Parents and camp disability committees[5] report a number of difficulties, including the isolation that children face when they return home in the school holidays as their families continue to struggle to communicate with them and they have few, if any, friends outside their school environment. If anything, the children are reported to be more isolated after being sent to segregated residential schools/centres than before, and are considered to be ‘different’ by the community because they are no longer a part of it. Children with severe/profound CD, often associated with other impairments, are excluded both from specialist centres and their local mainstream school. Ironically, those with mild/moderate CD would be most able to cope in an inclusive mainstream ECD/school environment and the funding that is currently used to send a small number of these children to special schools could potentially be used to train and support entire teams of staff and many children in camp and host-community mainstream ECD centres and schools, and provide the additional resources required for children to access the curriculum.
Working together to identify solutions
Communities, service providers and carers of children with CD increasingly recognise the exclusionary nature of existing registration, ECD and education services, and desire services that better cater for their needs. Requests include:
- implementation of a community sensitisation programme to promote behaviour change
- training for carers and service providers on how to communicate with children using different methods
- training and skills development for teachers and education partners on inclusive education and inclusive teaching methodologies, plus ongoing support from experts in the fields of inclusive education and CD.

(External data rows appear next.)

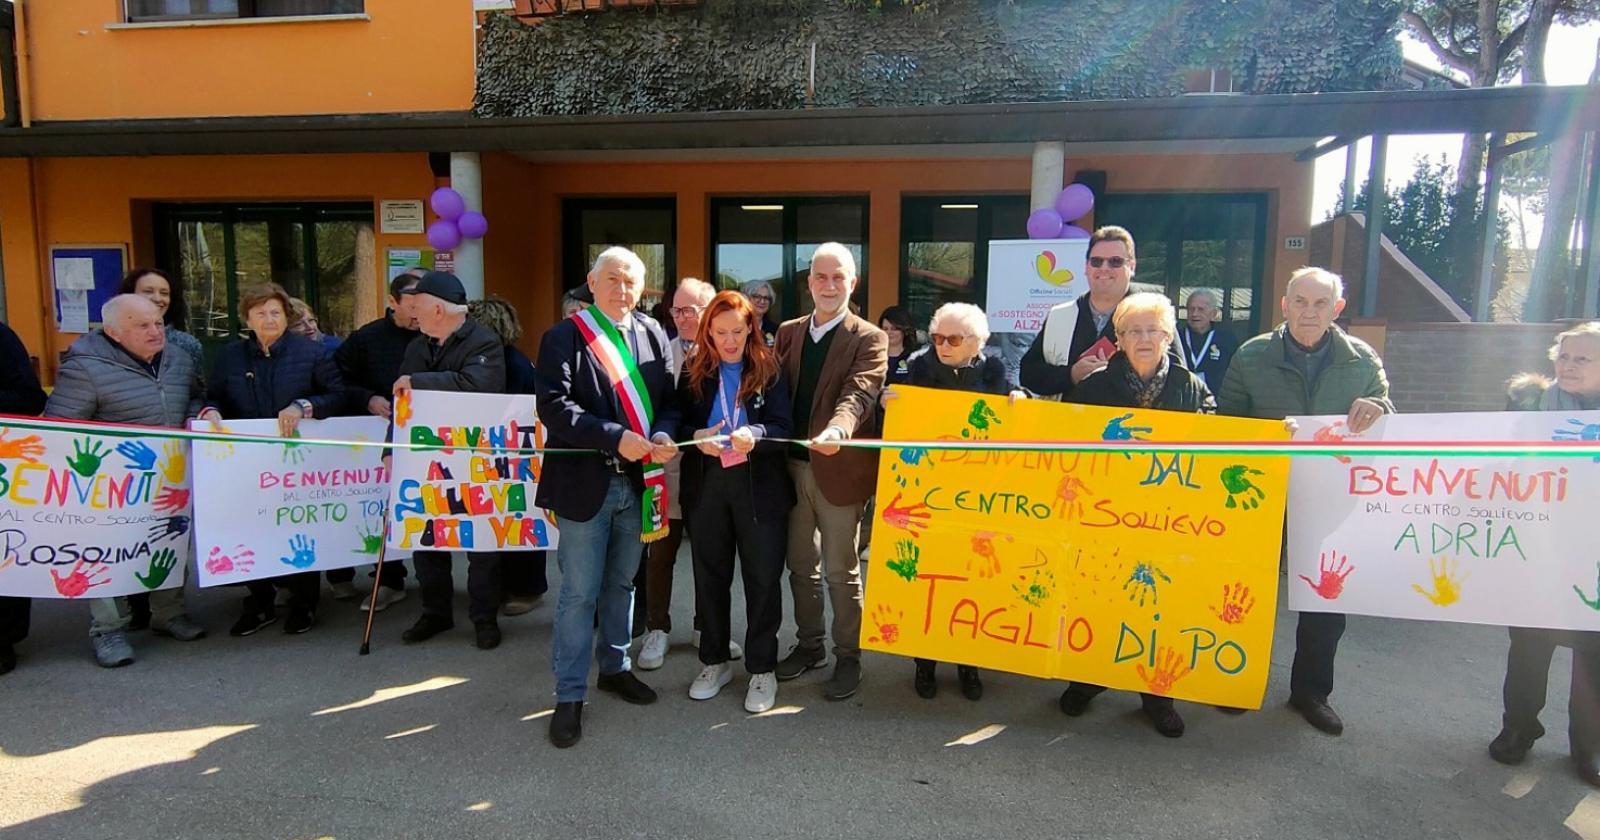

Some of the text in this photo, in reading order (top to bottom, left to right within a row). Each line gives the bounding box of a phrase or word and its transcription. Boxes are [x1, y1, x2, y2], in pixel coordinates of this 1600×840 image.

[1288, 239, 1303, 248] 155
[1029, 288, 1053, 296] Officine
[998, 310, 1044, 318] SOSTEGNO
[1014, 319, 1043, 330] ALZH
[1140, 449, 1201, 489] DAL
[924, 487, 1051, 520] CENTRO
[1366, 501, 1391, 514] DAL
[1402, 503, 1460, 517] CENTRO
[0, 509, 24, 522] AL
[33, 510, 96, 524] CENTRO
[276, 502, 348, 527] PORTO
[400, 517, 474, 549] PORTO
[0, 529, 150, 566] ROSOLINA
[1179, 627, 1247, 675] PO
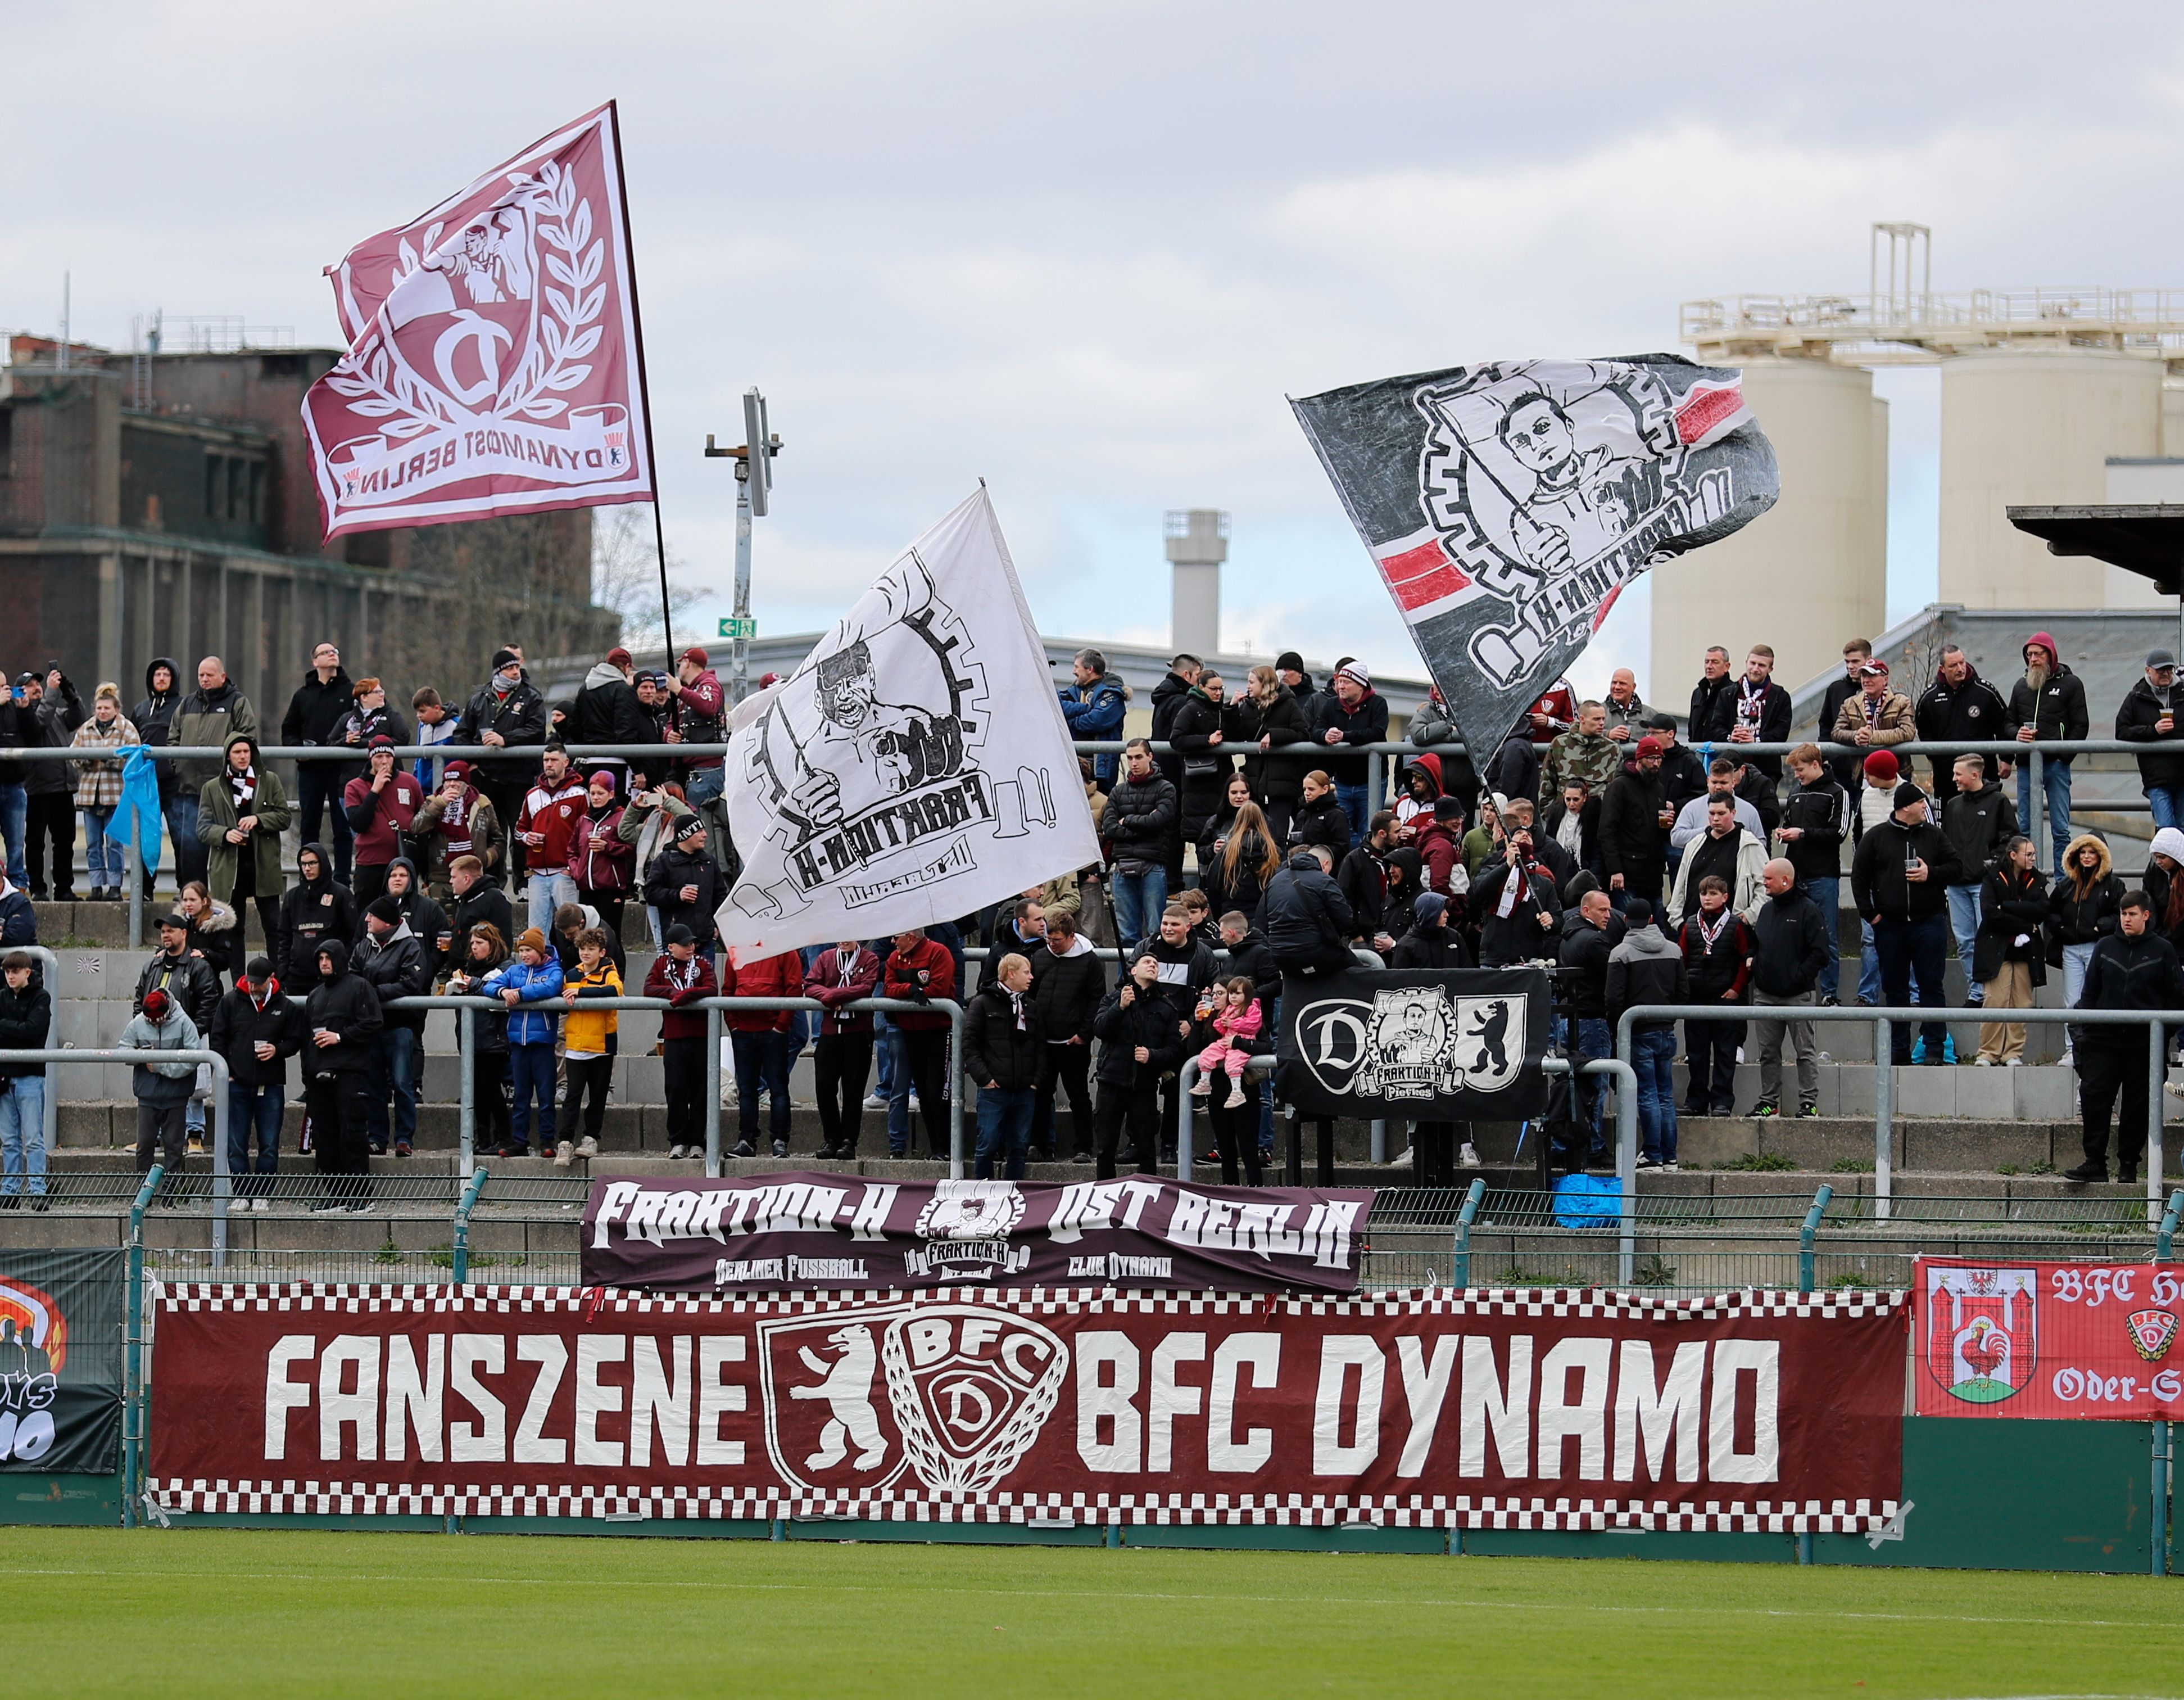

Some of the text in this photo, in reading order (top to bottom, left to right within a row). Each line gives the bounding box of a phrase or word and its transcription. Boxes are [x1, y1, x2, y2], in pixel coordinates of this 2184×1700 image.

[1377, 1066, 1442, 1085] FRAKTION-H
[1388, 1084, 1432, 1099] Piefkes
[590, 1179, 1365, 1270] FRAKTION-H OST BERLIN
[929, 1241, 1006, 1264] FRAKTION-H
[1068, 1251, 1172, 1280] CLUB DYNAMO
[715, 1254, 869, 1285] BERLINER FUSSBALL
[2051, 1269, 2136, 1307] BFC
[2131, 1312, 2173, 1328] BFC
[907, 1318, 1051, 1384] BFC
[264, 1333, 747, 1467] FANSZENE
[2052, 1367, 2184, 1403] Oder-S
[1075, 1330, 1780, 1484] BFC DYNAMO

In order for services to respond to the needs of families supporting children who experience CD, it is critical that the families’ voices are heard and that they are empowered to participate in service planning. We look forward to completing our study and formulating recommendations that could improve access to inclusive ECD and education services for refugee children with CD in Rwanda, ensuring that no child is left behind.
Helen Barrett helen.l.barrett@stu.mmu.ac.uk
Disability and social inclusion advisor; Doctoral student, Manchester Metropolitan University (MMU)/University of Rwanda
Julie Marshall J.E.Marshall@mmu.ac.uk
Reader in Communication Disability and Development, MMU
Juliet Goldbart J.Goldbart@mmu.ac.uk
Professor of Developmental Disabilities, MMU
www2.mmu.ac.uk/health-psychology-and-communities/
[1] See FMR issue 35 (2010) on Disability and displacement www.fmreview.org/disability
[2] The authors wish to thank UNHCR Rwanda (particularly Machtelt De Vries, Nathalie Busien, Anna-Katharina Reiser, Jackson Ndagijimana, Sophie Mwiseneza and Claudine Mukagatare), all implementing partners, and the refugees who took part in this research.
[3] WHO and World Bank (2011) World Report on Disability www.who.int/disabilities/world_report/2011/report
[4] Impairment is the actual condition, while a disability is the experience of functional limitation caused by the interaction between the condition, the social and physical environment, and the person.
[5] Each camp has a disability committee with a representative from each quarter in the camp. The executive secretary of the disability committee sits on the camp executive committee.